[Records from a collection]
-=-=-=-=-

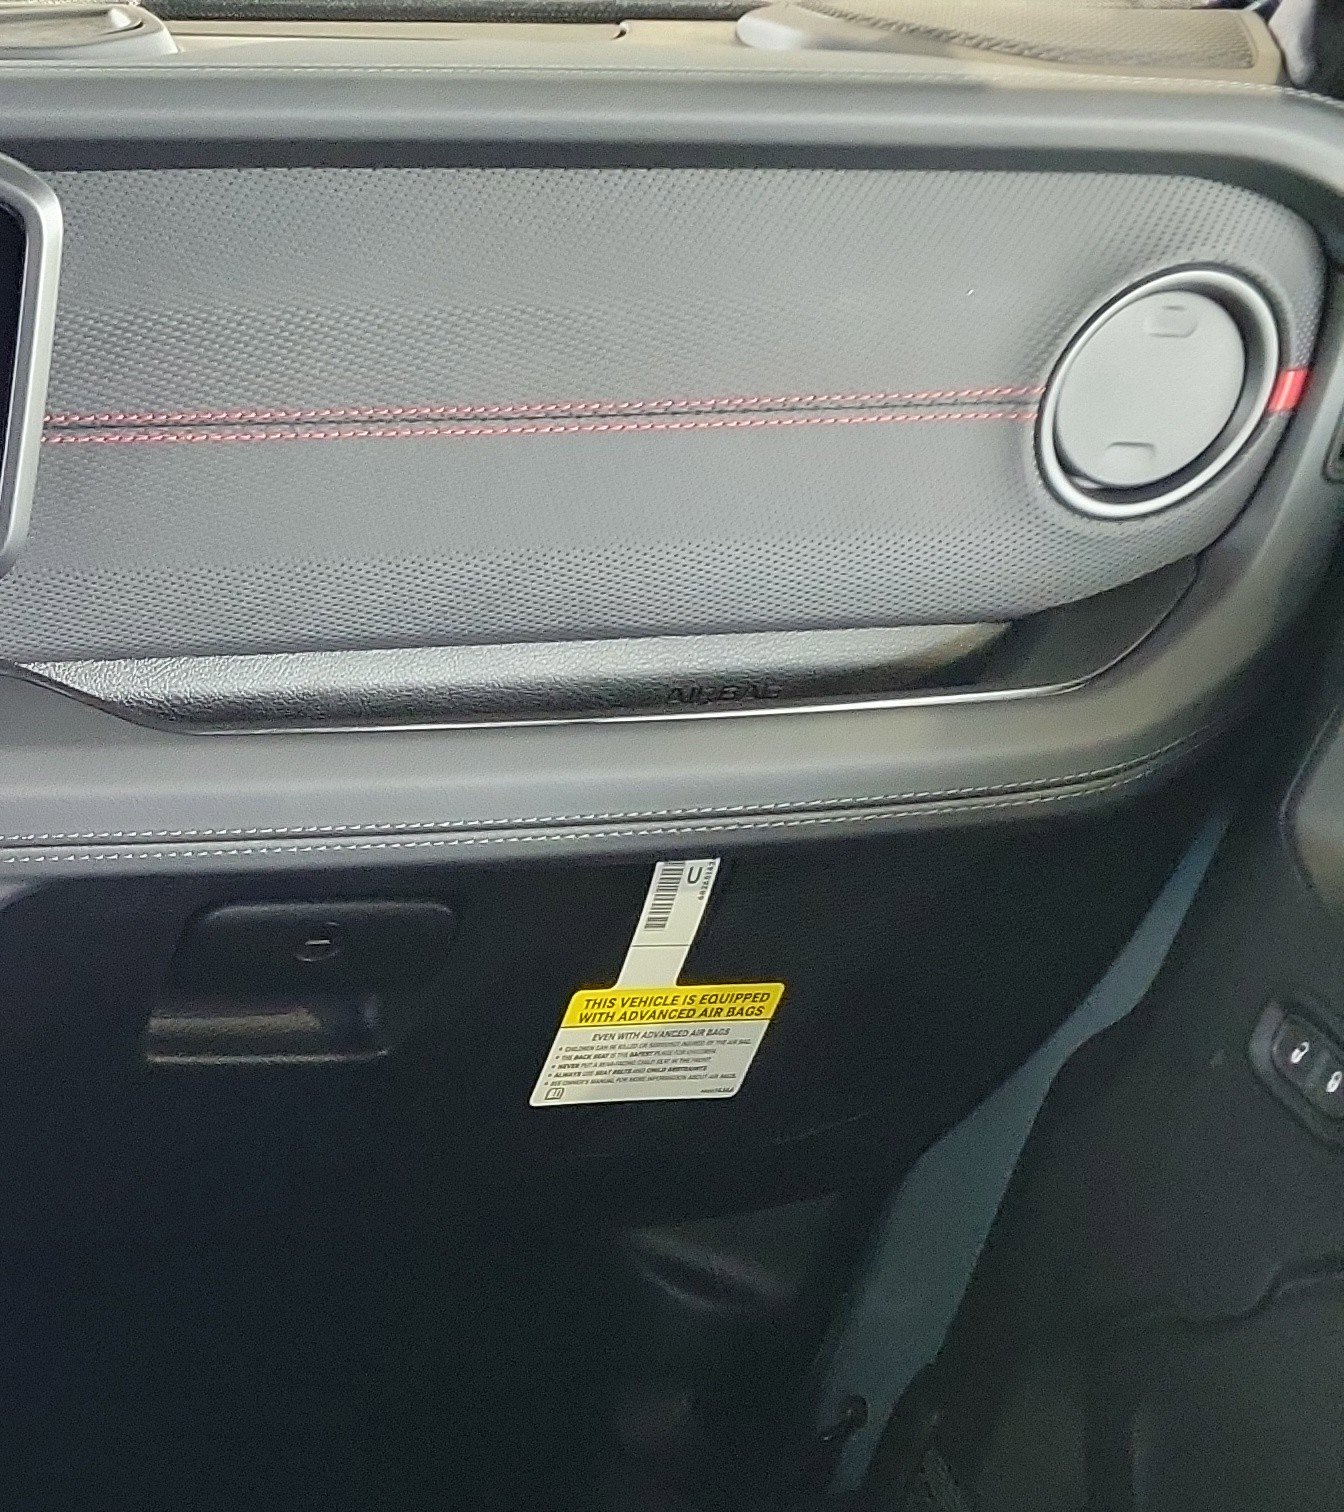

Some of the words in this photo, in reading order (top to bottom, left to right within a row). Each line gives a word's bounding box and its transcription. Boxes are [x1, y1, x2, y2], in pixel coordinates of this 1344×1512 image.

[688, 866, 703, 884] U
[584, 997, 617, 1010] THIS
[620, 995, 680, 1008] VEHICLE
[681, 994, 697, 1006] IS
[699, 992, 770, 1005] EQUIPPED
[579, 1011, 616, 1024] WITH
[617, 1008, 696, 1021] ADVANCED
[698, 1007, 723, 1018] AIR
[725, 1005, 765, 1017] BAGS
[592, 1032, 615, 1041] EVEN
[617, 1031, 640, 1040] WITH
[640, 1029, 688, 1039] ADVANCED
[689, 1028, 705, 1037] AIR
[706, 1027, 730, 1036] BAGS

-=-=-=-=-

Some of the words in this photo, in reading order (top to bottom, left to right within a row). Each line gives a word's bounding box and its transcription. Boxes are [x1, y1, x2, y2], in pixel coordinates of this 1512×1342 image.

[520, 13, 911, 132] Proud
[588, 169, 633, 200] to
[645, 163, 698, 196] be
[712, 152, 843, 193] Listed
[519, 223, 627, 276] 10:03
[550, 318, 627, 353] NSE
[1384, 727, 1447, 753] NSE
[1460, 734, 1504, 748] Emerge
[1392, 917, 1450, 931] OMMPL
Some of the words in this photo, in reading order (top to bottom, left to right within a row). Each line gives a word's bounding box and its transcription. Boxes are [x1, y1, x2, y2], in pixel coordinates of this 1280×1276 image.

-=-=-=-=-

The answer is the lines above between the line holding "this 1512×1342 image." and the line holding "this 1280×1276 image.", inclusive, each written out exactly, and no others.

Some of the words in this photo, in reading order (top to bottom, left to right within a row). Each line gives a word's bounding box and its transcription. Boxes are [x1, y1, x2, y2], in pixel coordinates of this 1512×1342 image.

[520, 13, 911, 132] Proud
[588, 169, 633, 200] to
[645, 163, 698, 196] be
[712, 152, 843, 193] Listed
[519, 223, 627, 276] 10:03
[550, 318, 627, 353] NSE
[1384, 727, 1447, 753] NSE
[1460, 734, 1504, 748] Emerge
[1392, 917, 1450, 931] OMMPL
Some of the words in this photo, in reading order (top to bottom, left to right within a row). Each line gives a word's bounding box and its transcription. Boxes are [x1, y1, x2, y2], in pixel coordinates of this 1280×1276 image.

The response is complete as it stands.